Strengths and limitations

This study adds to the PC literature by providing the perspectives of medical residents in an emerging healthcare and medical education system. Strengths include the inclusion of trainees from the two largest IM residency programs in the country. Also, residents from all year levels participated in the focus groups. Ours study, however, has some limitations. First, our respondents were primarily women, though UAE residency programs consist of predominantly women trainees. Female gender predominance has been noted in other residency programs in the regions [31]. Also, the findings represent the residents’ perceived barriers to PC training.

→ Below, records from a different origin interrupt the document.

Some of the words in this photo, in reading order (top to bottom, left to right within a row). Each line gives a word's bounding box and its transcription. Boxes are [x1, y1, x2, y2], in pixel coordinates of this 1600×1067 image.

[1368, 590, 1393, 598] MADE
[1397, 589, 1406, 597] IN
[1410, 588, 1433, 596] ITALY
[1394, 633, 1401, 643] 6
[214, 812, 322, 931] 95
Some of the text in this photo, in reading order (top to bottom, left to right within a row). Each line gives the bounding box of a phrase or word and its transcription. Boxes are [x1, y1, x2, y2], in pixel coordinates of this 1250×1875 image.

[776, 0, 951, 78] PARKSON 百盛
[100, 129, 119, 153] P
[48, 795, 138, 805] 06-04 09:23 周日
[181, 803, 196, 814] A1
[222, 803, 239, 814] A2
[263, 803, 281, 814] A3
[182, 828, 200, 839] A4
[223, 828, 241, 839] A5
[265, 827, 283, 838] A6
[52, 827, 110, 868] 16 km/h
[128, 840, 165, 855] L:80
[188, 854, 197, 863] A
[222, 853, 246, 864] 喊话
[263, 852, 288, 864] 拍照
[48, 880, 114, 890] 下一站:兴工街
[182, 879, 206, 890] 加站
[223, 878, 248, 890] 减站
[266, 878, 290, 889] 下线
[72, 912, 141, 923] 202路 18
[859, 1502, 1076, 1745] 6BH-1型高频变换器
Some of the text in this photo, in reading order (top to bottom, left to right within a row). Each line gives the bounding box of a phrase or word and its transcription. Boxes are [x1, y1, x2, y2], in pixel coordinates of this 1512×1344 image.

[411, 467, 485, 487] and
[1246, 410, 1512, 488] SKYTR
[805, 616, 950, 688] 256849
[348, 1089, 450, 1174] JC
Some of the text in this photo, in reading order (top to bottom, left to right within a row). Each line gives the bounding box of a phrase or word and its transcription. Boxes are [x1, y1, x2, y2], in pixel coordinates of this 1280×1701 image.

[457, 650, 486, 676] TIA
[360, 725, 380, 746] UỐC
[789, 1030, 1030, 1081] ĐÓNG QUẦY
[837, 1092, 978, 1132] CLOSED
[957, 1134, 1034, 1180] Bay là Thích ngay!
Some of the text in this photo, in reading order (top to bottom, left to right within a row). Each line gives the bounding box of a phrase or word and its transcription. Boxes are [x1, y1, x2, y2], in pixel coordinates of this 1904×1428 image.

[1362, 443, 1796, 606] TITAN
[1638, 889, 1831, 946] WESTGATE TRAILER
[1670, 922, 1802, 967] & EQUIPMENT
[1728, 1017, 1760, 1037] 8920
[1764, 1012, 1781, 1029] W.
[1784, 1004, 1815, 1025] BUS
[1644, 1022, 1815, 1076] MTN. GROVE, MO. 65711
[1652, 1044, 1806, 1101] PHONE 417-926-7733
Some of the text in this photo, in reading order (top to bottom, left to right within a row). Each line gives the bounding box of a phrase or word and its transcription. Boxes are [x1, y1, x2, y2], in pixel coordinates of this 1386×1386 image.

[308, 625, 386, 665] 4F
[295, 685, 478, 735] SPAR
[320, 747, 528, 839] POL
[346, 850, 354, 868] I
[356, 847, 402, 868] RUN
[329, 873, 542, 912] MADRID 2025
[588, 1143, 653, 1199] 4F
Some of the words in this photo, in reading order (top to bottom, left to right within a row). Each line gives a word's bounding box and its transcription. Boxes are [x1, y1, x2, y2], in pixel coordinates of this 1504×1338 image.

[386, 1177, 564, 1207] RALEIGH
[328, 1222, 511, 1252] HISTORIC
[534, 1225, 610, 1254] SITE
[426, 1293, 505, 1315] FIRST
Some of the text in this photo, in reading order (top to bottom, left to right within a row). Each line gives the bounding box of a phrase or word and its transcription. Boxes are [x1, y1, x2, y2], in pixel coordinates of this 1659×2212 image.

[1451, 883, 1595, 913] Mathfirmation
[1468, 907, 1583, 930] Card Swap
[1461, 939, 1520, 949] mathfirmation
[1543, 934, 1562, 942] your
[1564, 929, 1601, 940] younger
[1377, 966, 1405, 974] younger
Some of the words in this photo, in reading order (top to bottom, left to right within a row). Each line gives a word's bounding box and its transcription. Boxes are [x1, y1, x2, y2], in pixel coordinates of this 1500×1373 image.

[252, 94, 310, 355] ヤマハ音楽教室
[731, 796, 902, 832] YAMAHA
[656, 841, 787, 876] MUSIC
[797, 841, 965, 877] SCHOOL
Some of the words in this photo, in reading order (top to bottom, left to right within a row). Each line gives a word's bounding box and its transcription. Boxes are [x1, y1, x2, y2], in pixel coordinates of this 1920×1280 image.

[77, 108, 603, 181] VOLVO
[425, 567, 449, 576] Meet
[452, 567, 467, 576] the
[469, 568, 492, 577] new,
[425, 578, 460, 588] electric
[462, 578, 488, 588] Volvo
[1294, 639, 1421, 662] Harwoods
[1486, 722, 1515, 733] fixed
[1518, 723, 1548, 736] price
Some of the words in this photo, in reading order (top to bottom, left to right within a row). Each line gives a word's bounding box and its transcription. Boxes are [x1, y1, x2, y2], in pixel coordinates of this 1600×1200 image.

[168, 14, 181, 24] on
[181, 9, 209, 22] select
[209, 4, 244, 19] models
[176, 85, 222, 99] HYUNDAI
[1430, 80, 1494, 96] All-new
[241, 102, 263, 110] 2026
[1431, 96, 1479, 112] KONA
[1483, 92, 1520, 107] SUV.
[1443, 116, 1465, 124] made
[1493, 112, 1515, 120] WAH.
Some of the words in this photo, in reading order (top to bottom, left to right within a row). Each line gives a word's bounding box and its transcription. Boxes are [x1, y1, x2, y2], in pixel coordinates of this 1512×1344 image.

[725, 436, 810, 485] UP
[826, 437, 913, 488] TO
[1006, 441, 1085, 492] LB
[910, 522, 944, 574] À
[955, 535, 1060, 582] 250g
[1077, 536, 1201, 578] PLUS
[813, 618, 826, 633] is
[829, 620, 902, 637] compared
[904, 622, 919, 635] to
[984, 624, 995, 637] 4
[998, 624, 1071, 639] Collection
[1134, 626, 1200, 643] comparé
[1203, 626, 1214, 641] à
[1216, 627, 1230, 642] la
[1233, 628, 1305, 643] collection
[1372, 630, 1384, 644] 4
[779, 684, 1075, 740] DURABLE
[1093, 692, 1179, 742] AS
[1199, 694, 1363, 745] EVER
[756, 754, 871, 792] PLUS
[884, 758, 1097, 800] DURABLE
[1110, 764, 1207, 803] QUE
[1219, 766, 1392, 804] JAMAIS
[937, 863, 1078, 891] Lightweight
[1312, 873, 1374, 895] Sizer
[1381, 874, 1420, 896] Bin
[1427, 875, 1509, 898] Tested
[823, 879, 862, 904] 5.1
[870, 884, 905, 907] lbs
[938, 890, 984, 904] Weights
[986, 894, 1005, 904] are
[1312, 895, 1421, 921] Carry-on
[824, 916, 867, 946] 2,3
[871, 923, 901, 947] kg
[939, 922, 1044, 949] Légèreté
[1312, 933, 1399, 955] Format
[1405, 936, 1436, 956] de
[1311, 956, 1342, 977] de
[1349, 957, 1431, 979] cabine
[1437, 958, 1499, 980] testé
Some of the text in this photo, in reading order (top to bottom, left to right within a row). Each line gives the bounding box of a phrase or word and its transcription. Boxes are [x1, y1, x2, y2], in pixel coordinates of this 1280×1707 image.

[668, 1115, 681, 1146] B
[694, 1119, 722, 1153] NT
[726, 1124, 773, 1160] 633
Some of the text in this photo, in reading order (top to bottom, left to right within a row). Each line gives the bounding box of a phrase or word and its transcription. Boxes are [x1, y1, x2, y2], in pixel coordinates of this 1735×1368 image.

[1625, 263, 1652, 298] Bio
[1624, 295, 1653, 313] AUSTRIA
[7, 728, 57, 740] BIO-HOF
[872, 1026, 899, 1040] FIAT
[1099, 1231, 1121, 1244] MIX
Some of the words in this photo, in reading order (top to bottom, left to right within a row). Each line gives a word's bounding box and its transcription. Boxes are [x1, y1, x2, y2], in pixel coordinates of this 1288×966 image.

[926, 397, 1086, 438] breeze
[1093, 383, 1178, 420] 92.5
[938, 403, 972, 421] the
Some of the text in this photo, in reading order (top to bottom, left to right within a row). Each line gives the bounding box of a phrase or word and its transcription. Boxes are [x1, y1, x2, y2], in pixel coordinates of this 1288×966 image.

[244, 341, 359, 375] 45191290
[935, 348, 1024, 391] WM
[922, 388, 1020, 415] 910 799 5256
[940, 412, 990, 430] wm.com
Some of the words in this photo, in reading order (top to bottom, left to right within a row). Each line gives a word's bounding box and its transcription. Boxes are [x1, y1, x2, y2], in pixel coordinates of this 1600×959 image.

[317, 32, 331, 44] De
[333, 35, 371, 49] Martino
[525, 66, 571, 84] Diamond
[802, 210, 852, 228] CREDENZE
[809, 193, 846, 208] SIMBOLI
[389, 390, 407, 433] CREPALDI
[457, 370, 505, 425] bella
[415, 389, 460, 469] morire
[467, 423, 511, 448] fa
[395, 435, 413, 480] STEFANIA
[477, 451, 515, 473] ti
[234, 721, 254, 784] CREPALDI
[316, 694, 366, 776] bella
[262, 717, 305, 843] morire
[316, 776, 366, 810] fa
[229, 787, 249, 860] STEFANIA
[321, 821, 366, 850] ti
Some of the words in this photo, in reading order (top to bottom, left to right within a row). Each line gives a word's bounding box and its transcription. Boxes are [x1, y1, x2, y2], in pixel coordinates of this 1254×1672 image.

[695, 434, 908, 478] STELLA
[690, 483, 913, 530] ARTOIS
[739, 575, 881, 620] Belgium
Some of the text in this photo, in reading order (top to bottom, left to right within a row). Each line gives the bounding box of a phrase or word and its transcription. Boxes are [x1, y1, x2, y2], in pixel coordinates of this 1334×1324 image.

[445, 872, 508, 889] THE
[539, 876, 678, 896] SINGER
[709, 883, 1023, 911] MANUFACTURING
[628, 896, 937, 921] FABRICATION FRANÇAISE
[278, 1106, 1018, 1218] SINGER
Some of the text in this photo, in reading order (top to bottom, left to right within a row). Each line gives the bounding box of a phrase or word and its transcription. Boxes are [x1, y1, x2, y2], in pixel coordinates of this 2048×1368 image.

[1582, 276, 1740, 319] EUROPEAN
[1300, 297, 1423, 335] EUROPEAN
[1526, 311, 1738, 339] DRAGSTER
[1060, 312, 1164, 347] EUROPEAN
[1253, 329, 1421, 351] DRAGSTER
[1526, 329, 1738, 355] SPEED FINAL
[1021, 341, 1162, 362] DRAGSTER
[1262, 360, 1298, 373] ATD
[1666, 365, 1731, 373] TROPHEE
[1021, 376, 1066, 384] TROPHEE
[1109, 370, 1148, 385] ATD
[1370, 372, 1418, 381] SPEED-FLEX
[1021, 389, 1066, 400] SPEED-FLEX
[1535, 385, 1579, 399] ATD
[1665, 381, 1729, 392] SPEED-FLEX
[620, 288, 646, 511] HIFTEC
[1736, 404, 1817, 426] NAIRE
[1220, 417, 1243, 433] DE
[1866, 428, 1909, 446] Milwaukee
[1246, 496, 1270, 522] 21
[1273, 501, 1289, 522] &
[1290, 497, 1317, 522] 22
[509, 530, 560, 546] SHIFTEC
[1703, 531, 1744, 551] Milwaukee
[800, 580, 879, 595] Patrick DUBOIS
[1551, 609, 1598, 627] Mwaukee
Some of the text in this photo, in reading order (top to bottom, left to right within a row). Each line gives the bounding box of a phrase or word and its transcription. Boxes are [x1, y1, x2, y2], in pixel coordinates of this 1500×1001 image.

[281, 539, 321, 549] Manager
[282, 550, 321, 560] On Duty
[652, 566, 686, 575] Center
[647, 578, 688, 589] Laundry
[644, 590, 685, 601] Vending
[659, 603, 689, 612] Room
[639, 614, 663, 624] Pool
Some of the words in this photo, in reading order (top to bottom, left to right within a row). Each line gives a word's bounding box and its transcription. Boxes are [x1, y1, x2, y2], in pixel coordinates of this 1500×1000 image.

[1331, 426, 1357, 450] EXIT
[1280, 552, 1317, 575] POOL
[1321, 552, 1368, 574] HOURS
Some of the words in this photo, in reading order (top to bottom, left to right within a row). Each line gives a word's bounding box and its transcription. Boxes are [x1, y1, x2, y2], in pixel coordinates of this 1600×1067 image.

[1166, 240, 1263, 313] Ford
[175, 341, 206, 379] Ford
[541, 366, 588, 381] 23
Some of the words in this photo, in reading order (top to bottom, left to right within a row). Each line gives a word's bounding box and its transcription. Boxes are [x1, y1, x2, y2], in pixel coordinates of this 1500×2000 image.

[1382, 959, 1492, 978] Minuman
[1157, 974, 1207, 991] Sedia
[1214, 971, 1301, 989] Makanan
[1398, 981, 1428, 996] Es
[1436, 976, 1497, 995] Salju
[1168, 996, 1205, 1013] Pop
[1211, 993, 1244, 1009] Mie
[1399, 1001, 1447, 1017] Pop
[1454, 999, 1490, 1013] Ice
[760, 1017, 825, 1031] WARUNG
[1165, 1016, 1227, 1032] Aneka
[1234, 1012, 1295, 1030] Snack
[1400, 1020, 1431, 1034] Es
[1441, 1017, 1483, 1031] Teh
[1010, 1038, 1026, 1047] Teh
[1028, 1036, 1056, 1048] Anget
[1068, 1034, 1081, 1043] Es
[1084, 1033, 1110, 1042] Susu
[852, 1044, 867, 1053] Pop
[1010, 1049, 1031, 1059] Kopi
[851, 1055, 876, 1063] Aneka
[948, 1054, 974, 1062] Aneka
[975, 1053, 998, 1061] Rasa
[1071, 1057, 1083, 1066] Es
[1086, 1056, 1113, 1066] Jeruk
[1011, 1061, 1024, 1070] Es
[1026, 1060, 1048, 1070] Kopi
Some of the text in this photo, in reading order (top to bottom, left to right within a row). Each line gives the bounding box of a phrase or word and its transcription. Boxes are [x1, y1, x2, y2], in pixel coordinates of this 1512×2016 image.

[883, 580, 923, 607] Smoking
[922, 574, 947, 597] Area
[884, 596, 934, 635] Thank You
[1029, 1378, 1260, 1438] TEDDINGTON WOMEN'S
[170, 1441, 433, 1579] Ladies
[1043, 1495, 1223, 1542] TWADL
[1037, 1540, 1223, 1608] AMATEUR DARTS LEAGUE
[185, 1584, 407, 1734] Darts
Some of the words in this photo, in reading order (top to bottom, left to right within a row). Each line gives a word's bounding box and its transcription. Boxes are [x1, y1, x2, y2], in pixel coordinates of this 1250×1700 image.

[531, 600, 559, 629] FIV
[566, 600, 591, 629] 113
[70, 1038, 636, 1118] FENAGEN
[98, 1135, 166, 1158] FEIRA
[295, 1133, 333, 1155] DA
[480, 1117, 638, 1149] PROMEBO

The perspectives of other stakeholders, including faculty and patients, should be included to comprehensively identify and address barriers to end-of-life care provision. Finally, contextual factors, including religion and culture potentially impacted the residents’ views regarding palliative and end-of-life care, though studies of physicians in non-Arab and Western countries have shown similar results.

Conclusion

Proficiency in providing high quality palliative care is important for healthcare workers worldwide. This study has highlighted educational and policy issues faced by our IM residents. We believe our findings and recommendations are generalizable and can help other residency programs and academic health centers improve palliative care provision for patients and families in the region.